The Artist and the Collector
Caitlin Karolczak, Untitled, 2011
A Sunday morning, an open studio event for the holidays, the last day of four. A jazz trio was making appropriate noises in the reception area. The studio I was looking for was at the end of a dimly lit hallway. Walking in, it seemed that except for an inquisitive brown poodle, there was no one there. I began looking at the large canvases on the walls. Some were new, some I had seen before. There were more than a few I would have loved to own: stunning, macabre, masterfully painted, done in a muted Renaissance style. Uneasy undercurrents of death and perversity seemed to be emerging from the paint. A self-portrait of the artist as St. Agatha was profoundly disturbing. After a minute or two, I heard a rustling from the back of the cluttered studio. Turning around, I saw the artist. I had been to several of her events before and had even purchased a small piece. I had always regretted not buying more. Those events were always crowded, attended by a younger art crowd. Today, with only the two of us (and the dog), the mood was very different.

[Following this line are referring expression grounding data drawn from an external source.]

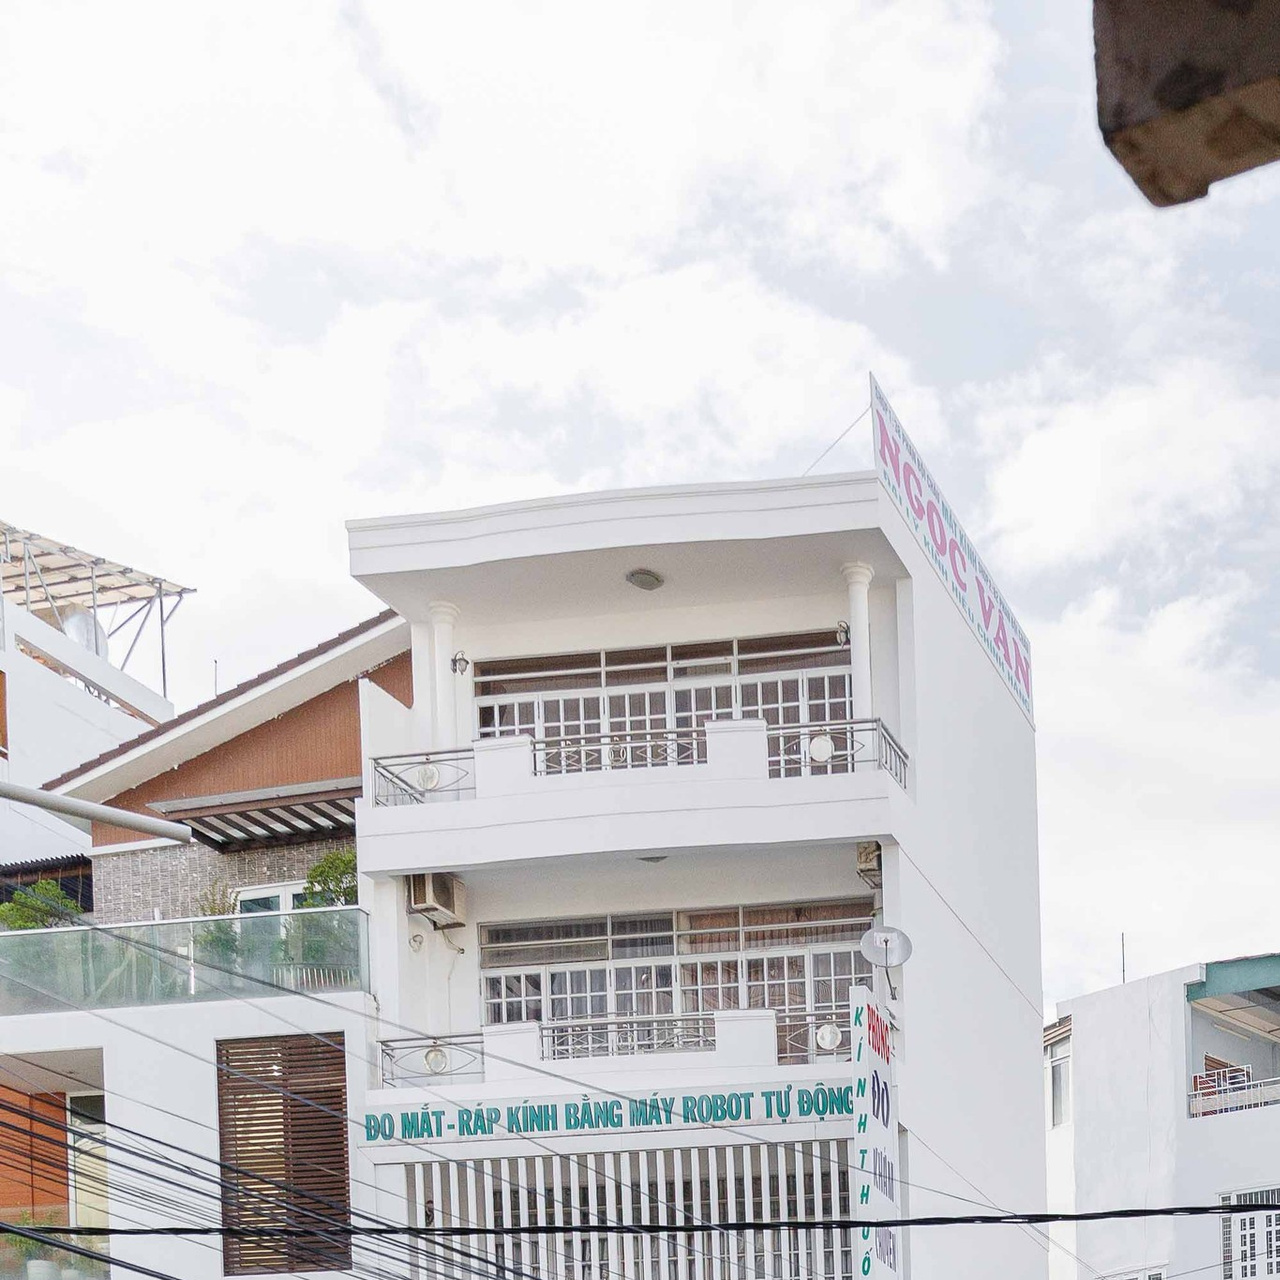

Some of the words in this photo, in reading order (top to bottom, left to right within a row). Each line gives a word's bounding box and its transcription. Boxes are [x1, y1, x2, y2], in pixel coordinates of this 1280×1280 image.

[975, 576, 1030, 700] VÂN
[867, 1003, 890, 1065] PHÒNG
[365, 1113, 395, 1141] ĐO
[401, 1103, 445, 1139] MẮT
[458, 1102, 500, 1136] RÁP
[507, 1099, 558, 1133] KÍNH
[565, 1093, 623, 1131] BẰNG
[629, 1092, 675, 1127] MÁY
[682, 1092, 754, 1123] ROBOT
[761, 1084, 792, 1123] TỰ
[797, 1082, 853, 1121] ĐỘNG
[872, 1070, 890, 1129] ĐO
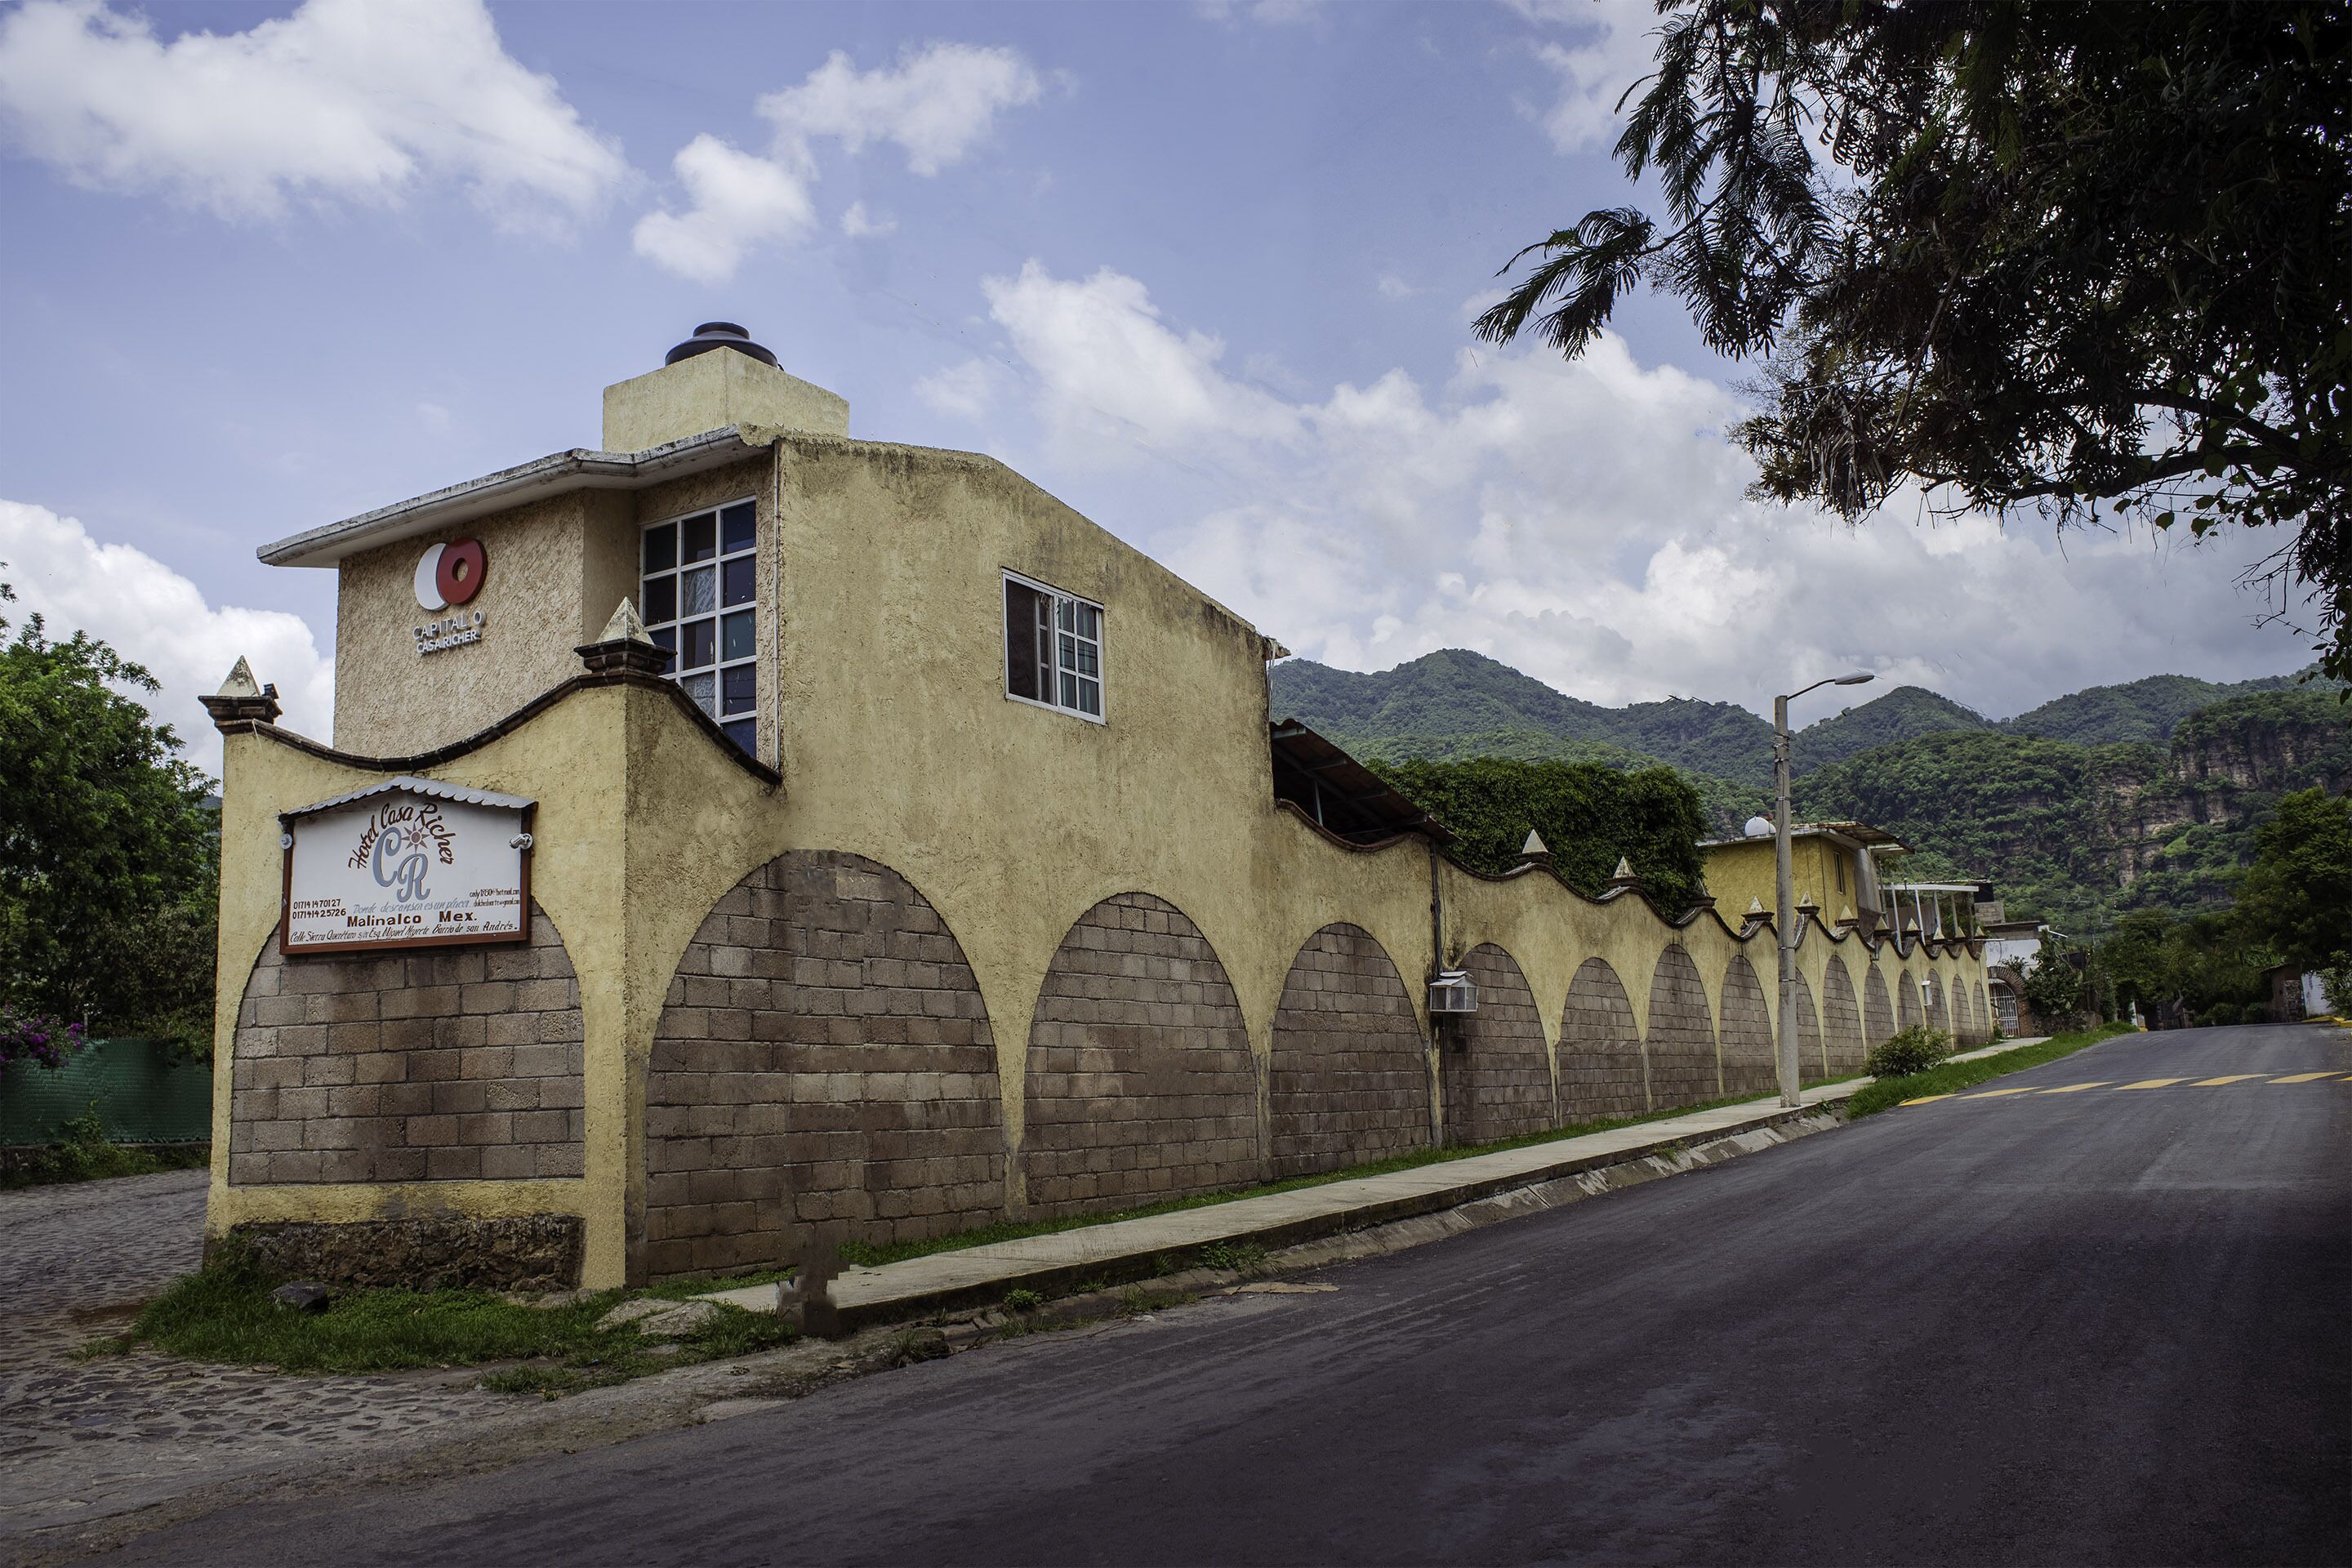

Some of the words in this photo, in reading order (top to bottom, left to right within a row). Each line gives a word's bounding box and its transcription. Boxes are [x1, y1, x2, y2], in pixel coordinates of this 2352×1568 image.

[412, 614, 468, 640] CAPITAL
[416, 639, 442, 654] CASA
[443, 630, 479, 648] RICHER
[348, 814, 379, 869] Hotel
[381, 803, 414, 829] Casa
[415, 803, 457, 865] Richer
[347, 914, 422, 928] Malinalco
[439, 911, 478, 923] Mex.
[290, 931, 306, 942] Calle
[306, 930, 326, 942] Sierra
[382, 926, 408, 940] Miguel
[432, 923, 454, 934] Barrio

"Would you like some hot cider?"
"Yes, a little, thank you."
"If you see any specks, they're cloves."
There were a couple of bins of smaller works, pieces within my budget. Many portraits and half-figures, mostly boys and young men; variations on a theme. Some pieces contained old lithographs, transformed with additional drawing and painting. I don't remember exactly how our conversation began, but I did mention that I had purchased one of her smaller works before. She asked what it was, I started to describe it, she knew it right away—even taking the descriptive words out of my head before I was able to speak them. We talked about her art, about the art world, about the difficulty of making it outside of New York or L.A.. I tried, without being too weird about it, to let her know how much I appreciated her efforts, her pursuit of her most singular vision in the middle of flyoverland. I asked about her use of very old photo albums and mentioned I had one she might be interested in. She spoke:
"Come here, I've got something to show you, something someone gave me."
Hanging on the wall in the back was a memento mori mourning shadowbox, I've seen others, but this one was exceptional.
"It's not the kind of thing people like to have on their walls." She said.
"Is that braided hair sculpture at the bottom?"
"Yes."
"It's strange to think of, to think that a person's DNA is in there."
"There's a lot of DNA lying around this studio."
I did get another small piece, more abstract than most of her other work. We talked a little more, about how slow it was—no one else came in in the half hour I had been in there. Maybe it was the weather?
"My work isn't really popular as a Christmas gift."
A gift to myself, then, the kind of thing I like hanging on my walls.
I wonder how much of the artist's DNA is in it.